▶ _Aim of the exercise_
Lines of the records that hold the word "Дніпропетровській" are to be counted; give the number and nothing more.

Data section Start Marker

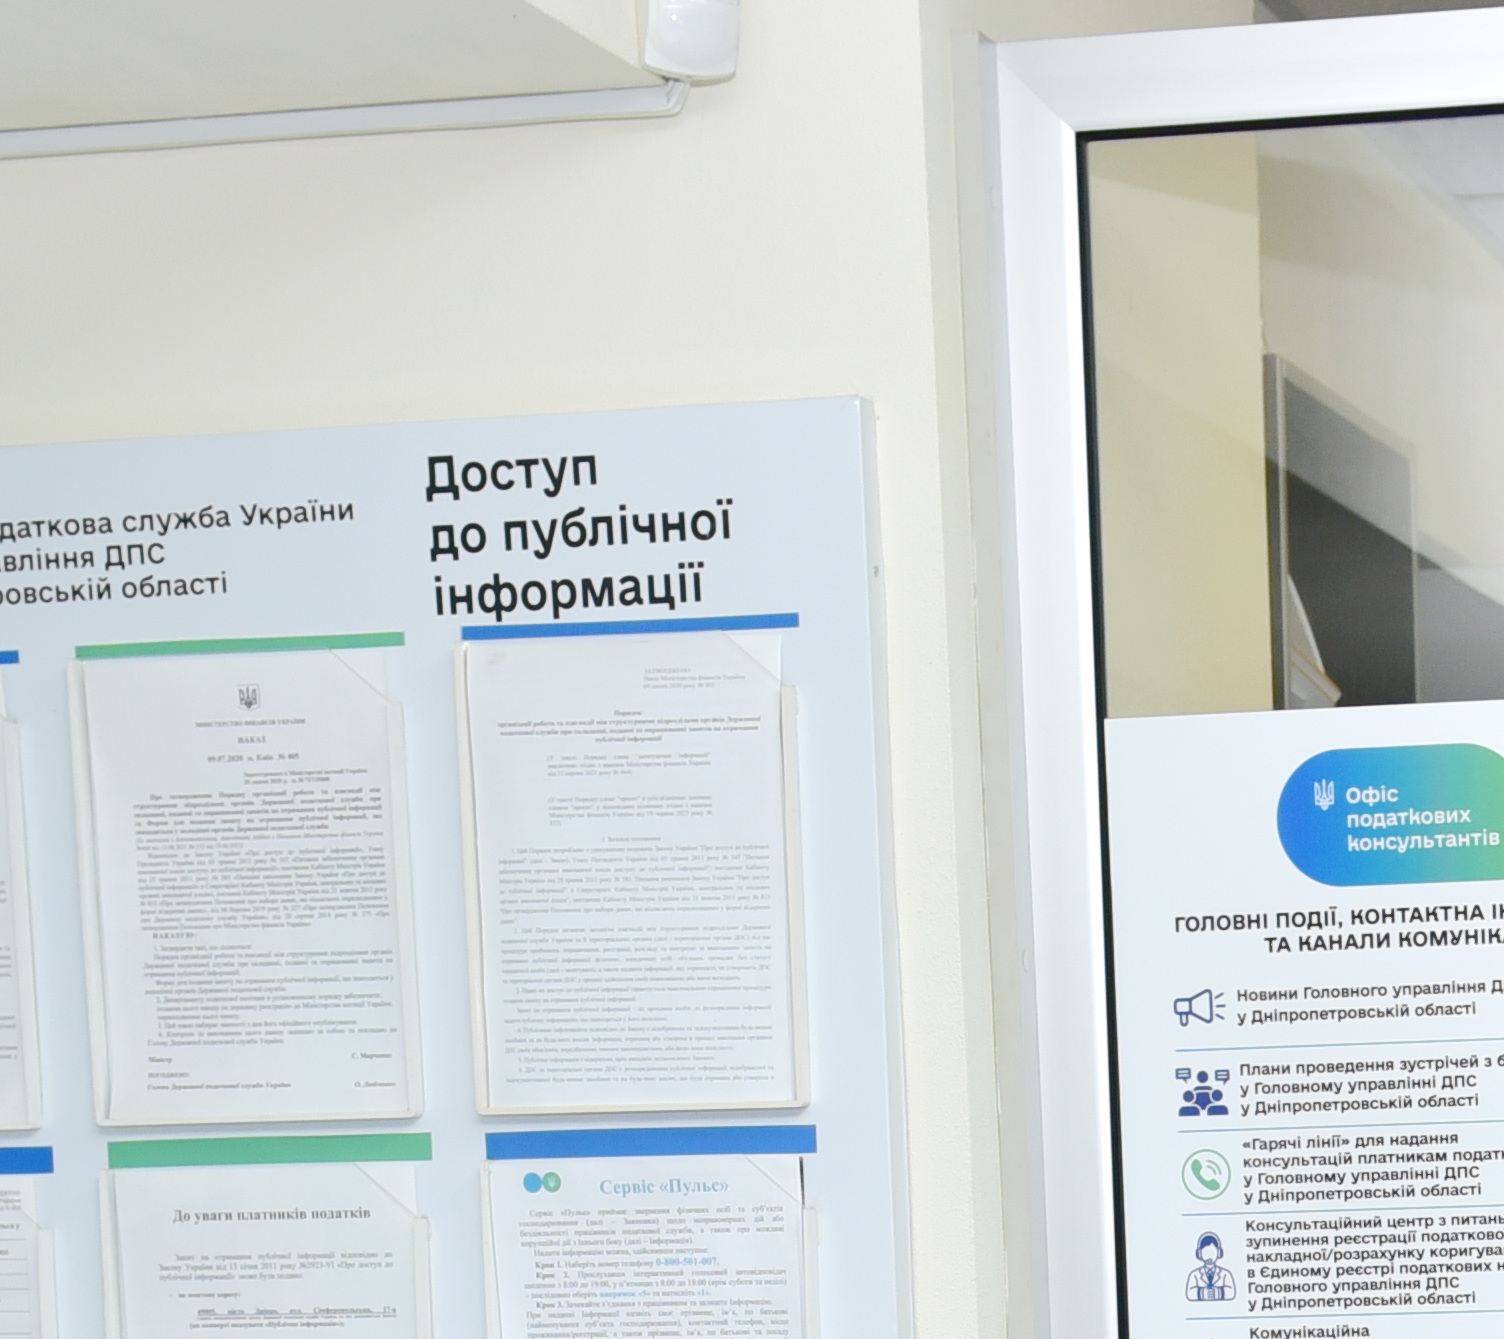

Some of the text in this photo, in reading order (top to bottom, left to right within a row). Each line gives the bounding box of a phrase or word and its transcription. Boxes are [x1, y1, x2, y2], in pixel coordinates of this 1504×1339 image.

[425, 455, 597, 502] Доступ
[122, 505, 231, 537] служба
[240, 499, 354, 530] України
[430, 498, 733, 562] до публічної
[104, 542, 165, 571] ДПС
[121, 571, 227, 599] області
[434, 572, 701, 623] інформації
[1345, 785, 1399, 807] Офіс
[1346, 808, 1471, 832] податкових
[1347, 829, 1501, 853] консультантів
[1175, 913, 1268, 933] ГОЛОВНІ
[1276, 906, 1343, 930] ПОДІЇ,
[1350, 904, 1485, 925] КОНТАКТНА
[1264, 936, 1291, 953] ТА
[1298, 932, 1391, 952] КАНАЛИ
[1237, 989, 1298, 1002] Новини
[1303, 986, 1388, 1000] Головного
[1392, 980, 1486, 999] управління
[1237, 1001, 1476, 1027] у Дніпропетровській області
[1239, 1063, 1291, 1076] Плани
[1296, 1060, 1394, 1077] проведення
[1399, 1054, 1479, 1073] зустрічей
[1484, 1057, 1492, 1068] з
[1240, 1074, 1477, 1098] у Головному управлінні ДПС
[1240, 1093, 1479, 1117] у Дніпропетровській області
[1242, 1134, 1459, 1153] «Гарячі лінії» для надання
[1243, 1152, 1353, 1170] консультацій
[1358, 1151, 1448, 1164] платникам
[599, 1178, 729, 1198] Сервіс «Пульс»
[1243, 1165, 1480, 1189] у Головному управлінні ДПС
[1244, 1182, 1481, 1206] у Дніпропетровській області
[172, 1206, 371, 1225] До уваги платників податків
[1245, 1215, 1382, 1234] Консультаційний
[1387, 1217, 1434, 1230] центр
[1438, 1216, 1447, 1227] з
[1246, 1236, 1329, 1251] зупинення
[1333, 1230, 1417, 1248] реєстрації
[1246, 1248, 1425, 1263] накладної/розрахунку
[1247, 1269, 1256, 1278] в
[1259, 1266, 1331, 1280] Єдиному
[1336, 1262, 1394, 1279] реєстрі
[1399, 1262, 1492, 1275] податкових
[1248, 1276, 1460, 1295] Головного управління ДПС
[1248, 1290, 1476, 1312] у Дніпропетровській області

Data section End Marker

▶ _Answer area_
4